## TASK PROMPT
Print all records exactly, pictures left out.

## DATA FOR REVIEW
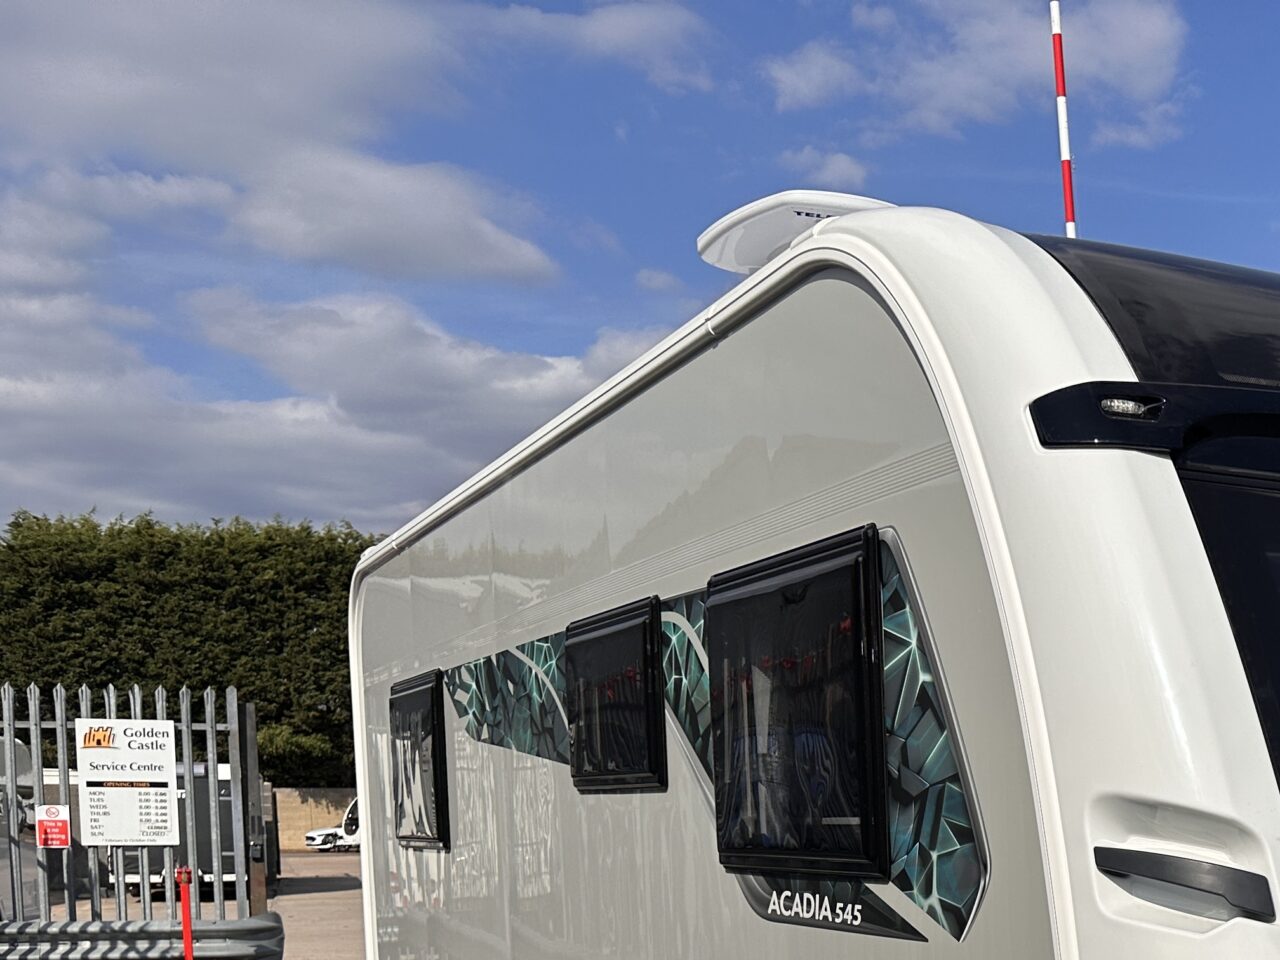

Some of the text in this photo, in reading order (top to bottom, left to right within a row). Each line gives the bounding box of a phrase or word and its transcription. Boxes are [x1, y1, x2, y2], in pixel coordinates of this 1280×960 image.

[123, 727, 169, 738] Golden
[127, 739, 166, 750] Castle
[89, 761, 164, 771] Service Centre
[768, 890, 862, 925] ACADIA 545

## ANSWER SPACE
Some of the text in this photo, in reading order (top to bottom, left to right within a row). Each line gives the bounding box of a phrase or word and its transcription. Boxes are [x1, y1, x2, y2], in pixel coordinates of this 1280×960 image.

[123, 727, 169, 738] Golden
[127, 739, 166, 750] Castle
[89, 761, 164, 771] Service Centre
[768, 890, 862, 925] ACADIA 545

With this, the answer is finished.